# Exercise
Would you quote every entry exactly, dropping only the pictures?

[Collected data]
• • •

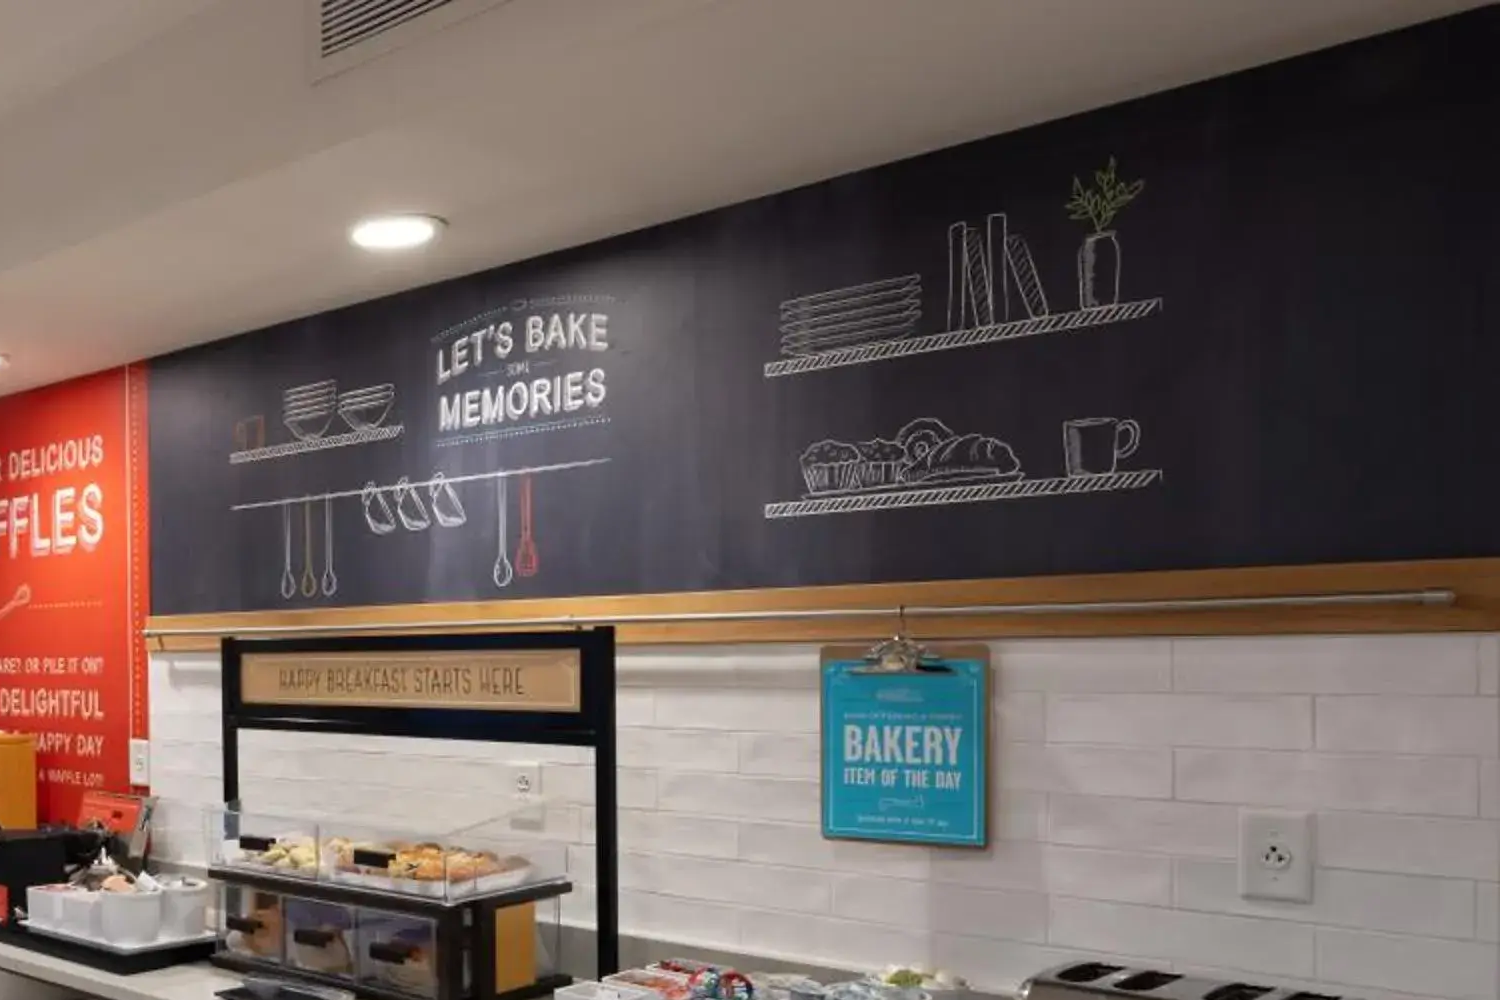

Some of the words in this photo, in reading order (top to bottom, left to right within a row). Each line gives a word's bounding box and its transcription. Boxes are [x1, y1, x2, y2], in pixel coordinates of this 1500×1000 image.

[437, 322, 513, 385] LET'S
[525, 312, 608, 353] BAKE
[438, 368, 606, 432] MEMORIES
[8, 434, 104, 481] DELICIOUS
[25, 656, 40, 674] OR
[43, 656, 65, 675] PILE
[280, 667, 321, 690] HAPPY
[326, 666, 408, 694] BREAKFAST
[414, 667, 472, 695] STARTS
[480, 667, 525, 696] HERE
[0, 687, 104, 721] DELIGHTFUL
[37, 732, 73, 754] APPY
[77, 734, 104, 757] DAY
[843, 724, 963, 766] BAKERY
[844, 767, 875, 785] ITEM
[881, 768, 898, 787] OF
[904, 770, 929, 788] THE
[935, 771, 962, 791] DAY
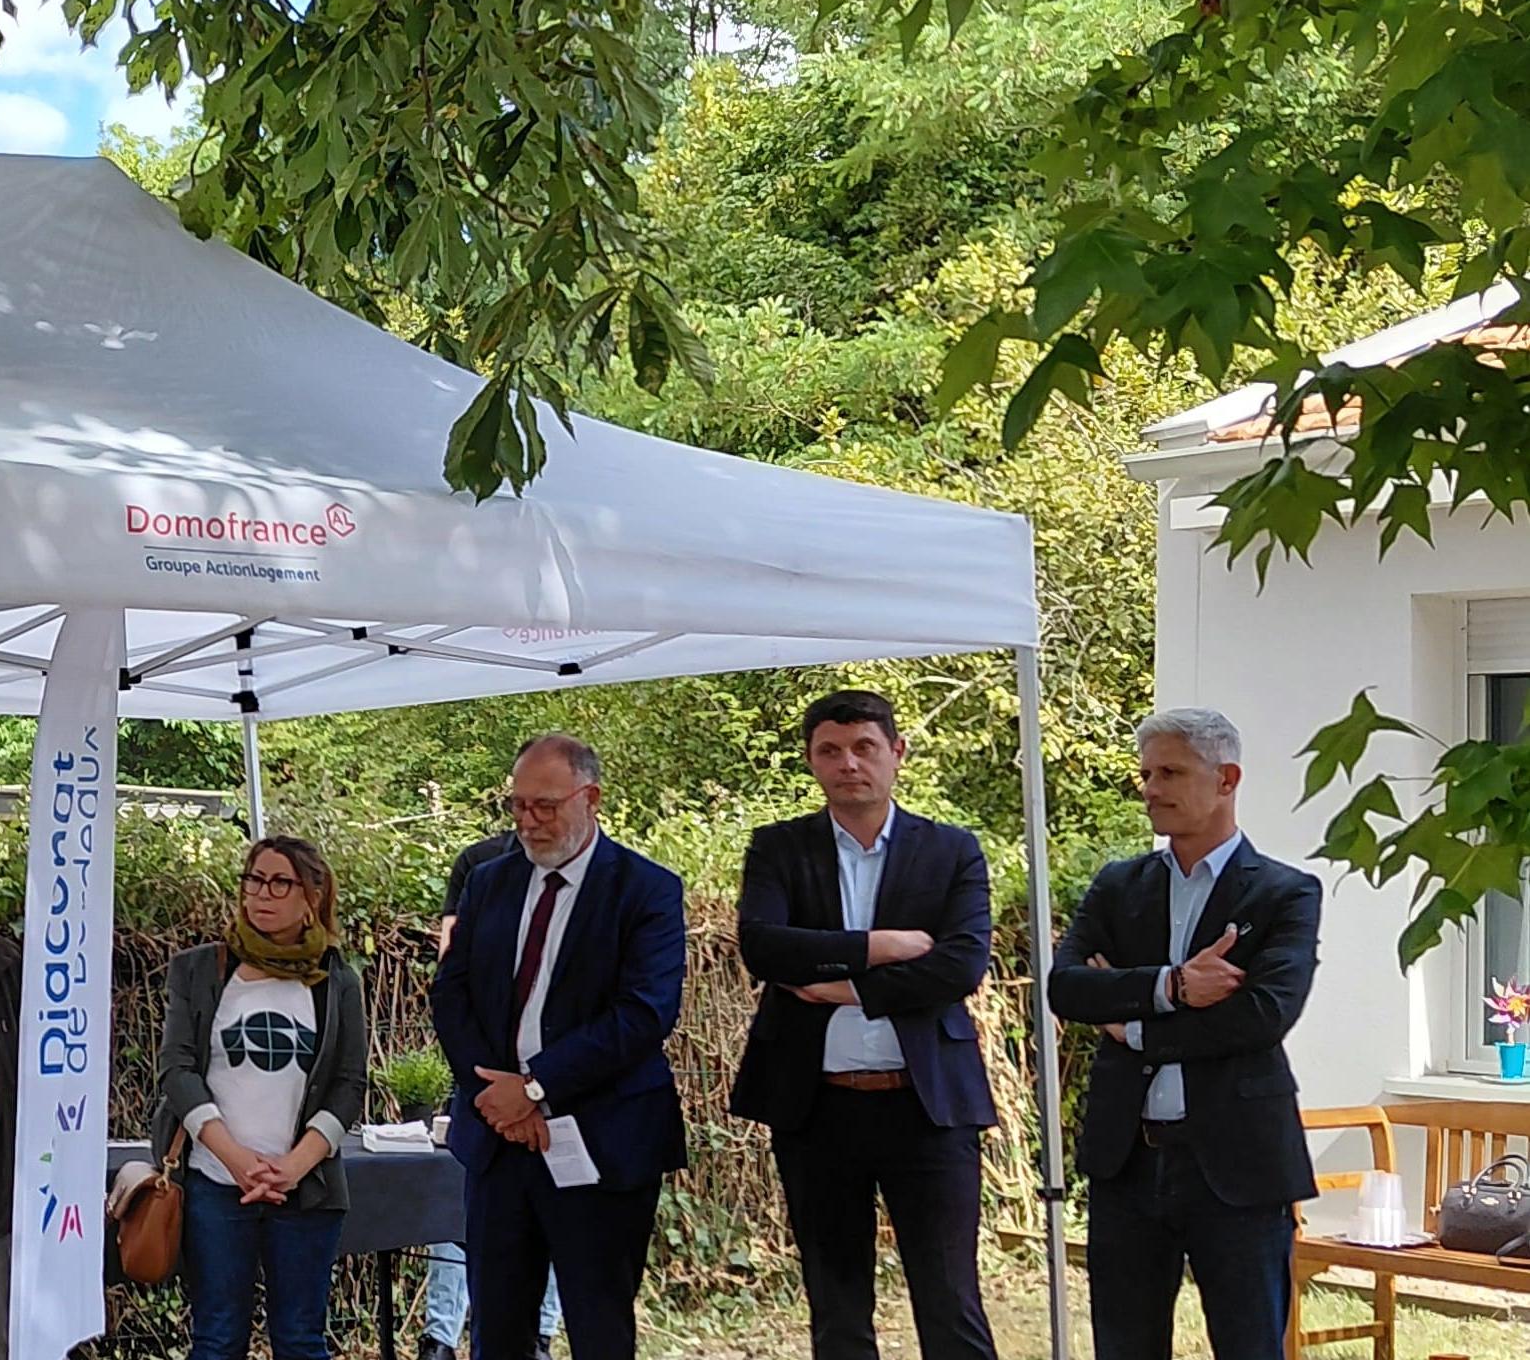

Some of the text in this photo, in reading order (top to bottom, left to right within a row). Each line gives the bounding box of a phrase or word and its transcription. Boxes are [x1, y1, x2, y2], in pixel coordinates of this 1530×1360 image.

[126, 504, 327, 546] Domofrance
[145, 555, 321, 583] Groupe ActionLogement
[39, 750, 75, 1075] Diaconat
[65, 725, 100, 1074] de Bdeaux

• • •

# Answer section
Some of the words in this photo, in reading order (top to bottom, left to right within a row). Each line gives a word's bounding box and its transcription. Boxes are [x1, y1, x2, y2], in pixel coordinates of this 1500×1000 image.

[437, 322, 513, 385] LET'S
[525, 312, 608, 353] BAKE
[438, 368, 606, 432] MEMORIES
[8, 434, 104, 481] DELICIOUS
[25, 656, 40, 674] OR
[43, 656, 65, 675] PILE
[280, 667, 321, 690] HAPPY
[326, 666, 408, 694] BREAKFAST
[414, 667, 472, 695] STARTS
[480, 667, 525, 696] HERE
[0, 687, 104, 721] DELIGHTFUL
[37, 732, 73, 754] APPY
[77, 734, 104, 757] DAY
[843, 724, 963, 766] BAKERY
[844, 767, 875, 785] ITEM
[881, 768, 898, 787] OF
[904, 770, 929, 788] THE
[935, 771, 962, 791] DAY

Some of the text in this photo, in reading order (top to bottom, left to right within a row). Each line gives the bounding box of a phrase or word and its transcription. Boxes are [x1, y1, x2, y2], in pixel coordinates of this 1530×1360 image.

[126, 504, 327, 546] Domofrance
[145, 555, 321, 583] Groupe ActionLogement
[39, 750, 75, 1075] Diaconat
[65, 725, 100, 1074] de Bdeaux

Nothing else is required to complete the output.